Calico Labs (South San Francisco) seeks a research associate or senior research associate in cell biology/biochemistry. Applicants should have a bachelor’s or master’s degree in biology, cell biology, molecular biology or biochemistry as well as multiple years of experience with tissue culture and cell-based assays.

Takeda (Cambridge, Mass.) seeks a senior scientist II in cell and molecular biology to join its molecular and cellular oncology group. Applicants should have a Ph.D. with five to 10 years of additional experience relevant to cancer drug discovery.

Fluidigm (San Francisco) seeks a senior scientist in molecular biology with a M.S. or physics, materials science, engineering, molecular biology or chemistry. Applicants should also have experience developing applications on microfluidic devices.

Academic jobs

Since I don’t have experience searching for an academic job, I asked a graduate school colleague of mine, Tonya Gilbert, to shed some light on her recent experiences securing a postdoctoral fellowship. Gilbert is a research fellow at MGH/Harvard Medical School in the lab of Jacob Hooker.
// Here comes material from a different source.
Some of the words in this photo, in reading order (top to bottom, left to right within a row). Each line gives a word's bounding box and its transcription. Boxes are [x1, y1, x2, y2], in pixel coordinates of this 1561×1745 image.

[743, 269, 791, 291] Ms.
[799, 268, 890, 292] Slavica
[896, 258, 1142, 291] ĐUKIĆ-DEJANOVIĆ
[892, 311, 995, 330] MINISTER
She outlined her job acquisition experience into six basic steps, similar to the process for nonacademic jobs.

Step 1: Search and identify laboratories of interest. Reflect on the unique skills you can offer and what you hope to learn. Do you want to transition to a new field? Do you want to learn a new technique? As yourself these questions to help outline your strategy.

Step 2: Prepare cover letters specific to each laboratory that clearly state why you are interested. In your letters, offer reference names and contact information (make sure you check with your references first). Email these cover letters with an up-to-date CV attached. You might consider coordinating with your current adviser to email a letter of reference on the same day to make sure your potential new adviser gets a complete package in their inbox.
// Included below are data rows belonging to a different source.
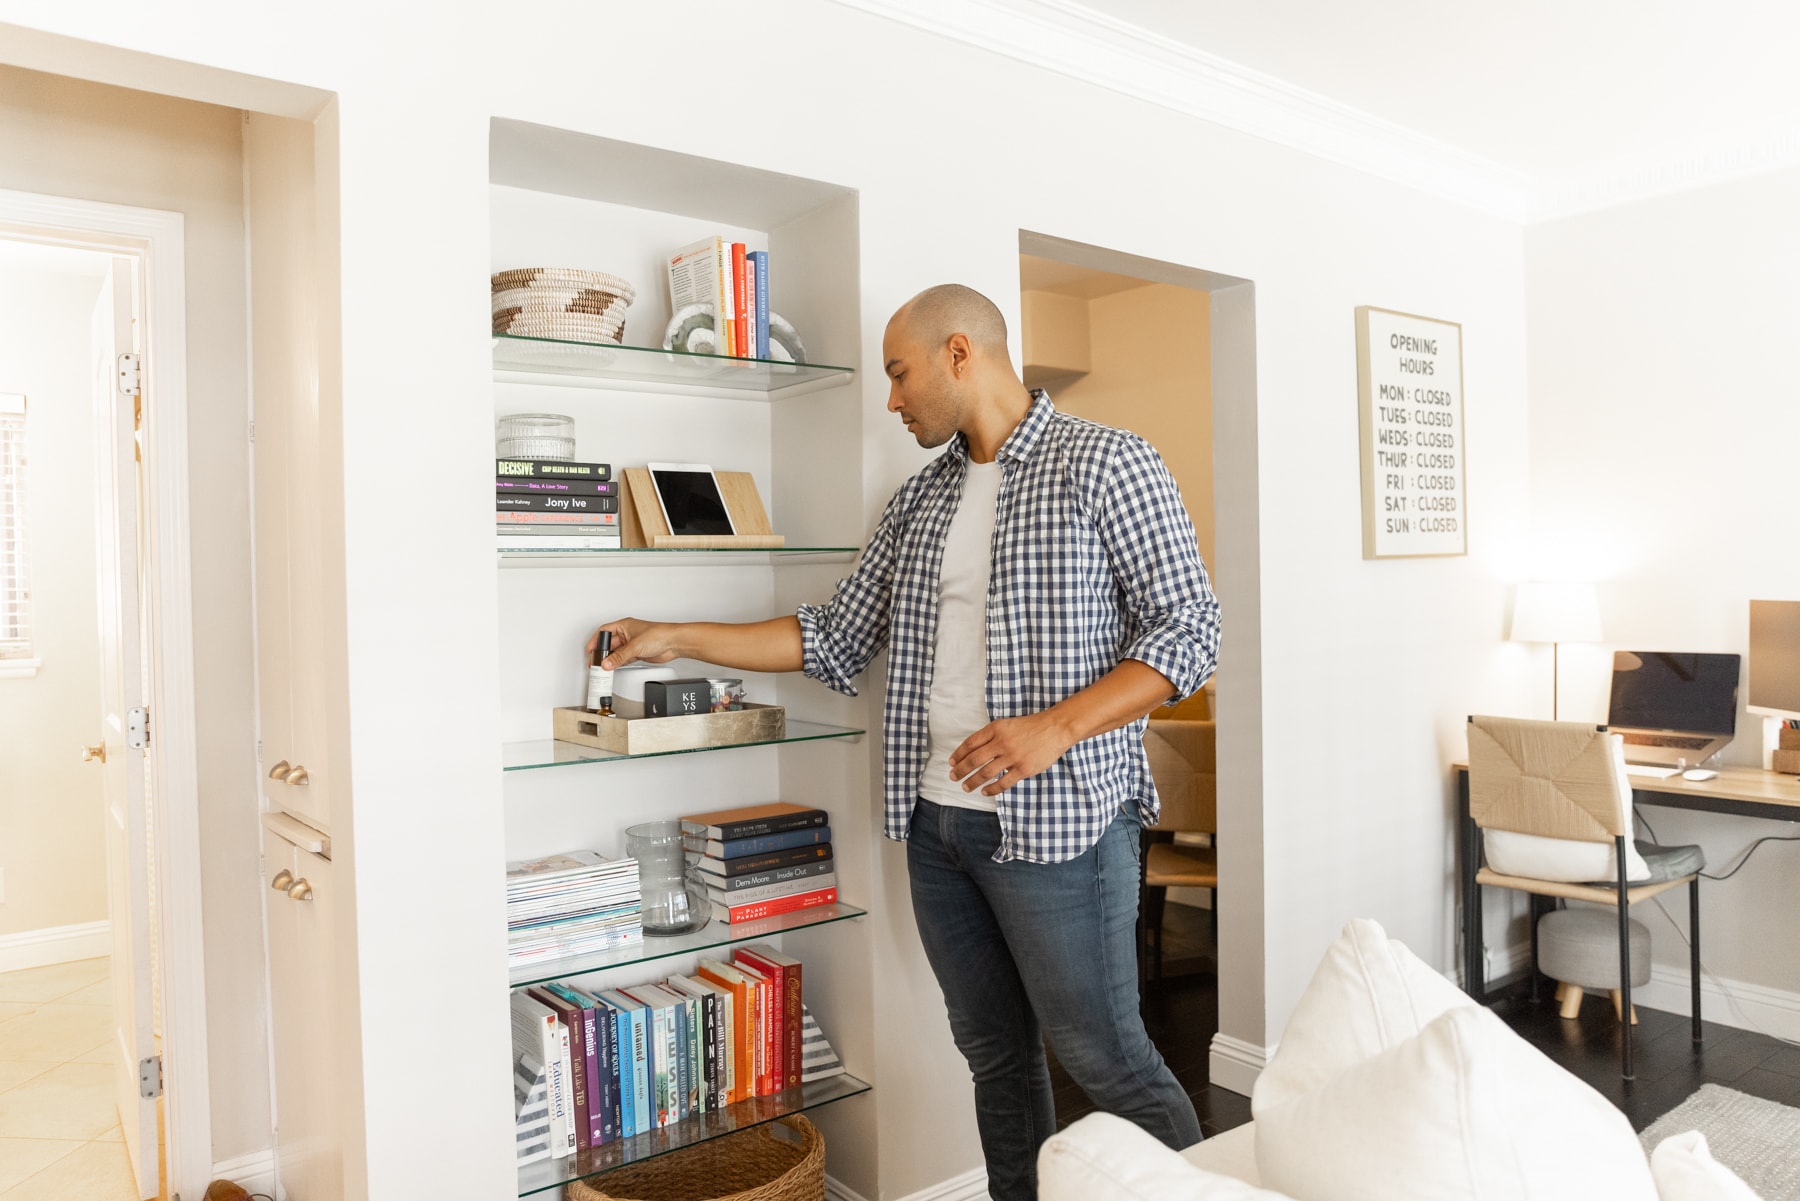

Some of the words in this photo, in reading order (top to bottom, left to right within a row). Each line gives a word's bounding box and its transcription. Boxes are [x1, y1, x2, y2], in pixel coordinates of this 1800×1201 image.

[1390, 333, 1438, 355] OPENING
[1400, 357, 1434, 376] HOURS
[1414, 388, 1452, 406] CLOSED
[1415, 409, 1453, 428] CLOSED
[1416, 432, 1454, 449] CLOSED
[498, 461, 535, 476] DECISIVE
[1416, 453, 1455, 470] CLOSED
[1417, 475, 1456, 491] CLOSED
[545, 497, 569, 510] Jony
[572, 498, 587, 508] Ive
[1418, 496, 1457, 512] CLOSED
[1419, 517, 1458, 533] CLOSED
[735, 879, 750, 887] Demi
[751, 875, 769, 884] Moore
[776, 870, 793, 879] Inside
[794, 868, 807, 876] Out
[736, 911, 767, 921] PARADOX
[610, 1012, 618, 1043] JOURNEY
[707, 998, 715, 1059] PAIN
[585, 1018, 596, 1057] inGenius
[635, 1022, 645, 1062] untamed
[612, 1044, 618, 1054] OF
[717, 1042, 725, 1070] Murray
[574, 1057, 582, 1073] Talk
[611, 1054, 619, 1076] SOULS
[552, 1060, 565, 1118] Educated
[576, 1090, 585, 1106] TED
Step 3: Hooray, you’ve received an interview request! Prepare for the interview by reading publications from the laboratory and researching potential project ideas. Create a polished presentation on your own work and practice communicating your thesis findings effectively. If the interview is by remote, consider asking for a site visit to further inform your decision.
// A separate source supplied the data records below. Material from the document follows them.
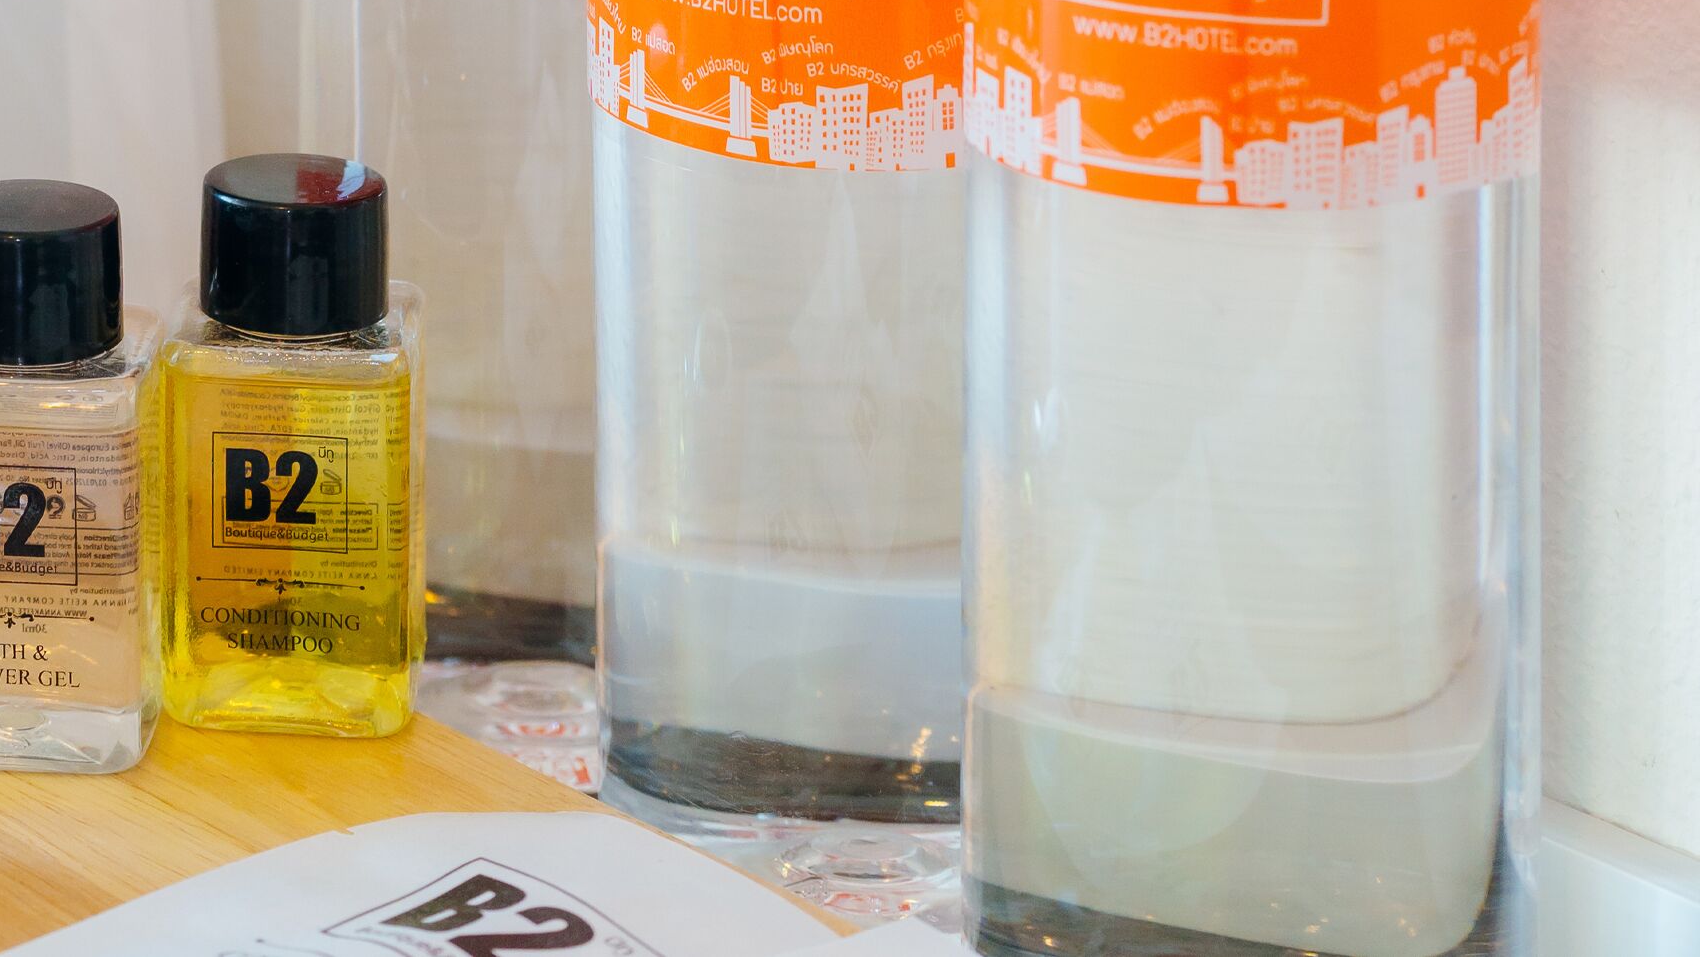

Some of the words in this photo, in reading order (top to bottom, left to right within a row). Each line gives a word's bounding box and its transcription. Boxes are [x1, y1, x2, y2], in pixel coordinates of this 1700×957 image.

[1072, 14, 1300, 56] www.B2HOTEL.com
[761, 49, 776, 65] B2
[903, 49, 924, 70] B2
[806, 62, 825, 78] B2
[681, 71, 698, 92] B2
[761, 77, 777, 94] B2
[225, 448, 318, 524] B2
[225, 527, 329, 543] Boutique&Budget
[200, 606, 360, 631] CONDITIONING
[33, 645, 48, 660] &
[227, 633, 333, 654] SHAMPOO
[38, 670, 80, 688] GEL
[380, 874, 595, 957] B2
Step 4: Follow up with thank-you emails to the interviewers.Use individual emails to each person you met, and add details of your conversation if possible. Taking notes during your interview may help you do that.

Step 5: With that polished presentation and stellar thank-you emails, you receive an offer, and you can accept your new position.

Step 6: Keep in close contact with your new adviser about your graduation progress. You have to buckle down and finish your thesis research, possibly publish some papers, plan and give a thesis defense, and possibly coordinate a move to a new city. The final six months of graduate school are a whirlwind, but you need to check in and keep your new adviser informed of any substantial changes in your timeline.

This process might differ depending on the labs to which you apply, so, as with nonacademic jobs, don’t be alarmed if some steps move or get added or changed. Below are a few academic jobs you can use if you’re ready to practice these skills.

The University of California, Berkeley, integrative biology department  (Berkeley, Calif.) seeks applicants for a postdoctoral position studying the evolution of metabolic physiology of insects in the lab of Caroline Williams. Applicants should have a Ph.D. in biochemistry, physiology or molecular biology.

The University of Virginia biology department (Charlotte, Va.) seeks candidates for a research associate (postdoctoral) position in the lab of Cristian Danna to study novel plant defense mechanisms and reciprocal mechanisms in microbial pathogens. Requires a Ph.D. in molecular biology, genetics, chemistry, biochemistry or a related field.

Goucher College (Baltimore, Md.) invites candidates to apply for a postdoctoral teaching fellowship in the chemistry department. Contribute to analytical and general chemistry courses, and teach a course with lab for nonscience majors emphasizing the environmental applications of chemistry. Requires a Ph.D. in chemistry. (Goucher, by the way, has a unique approach to admissions: It accepts video applications!)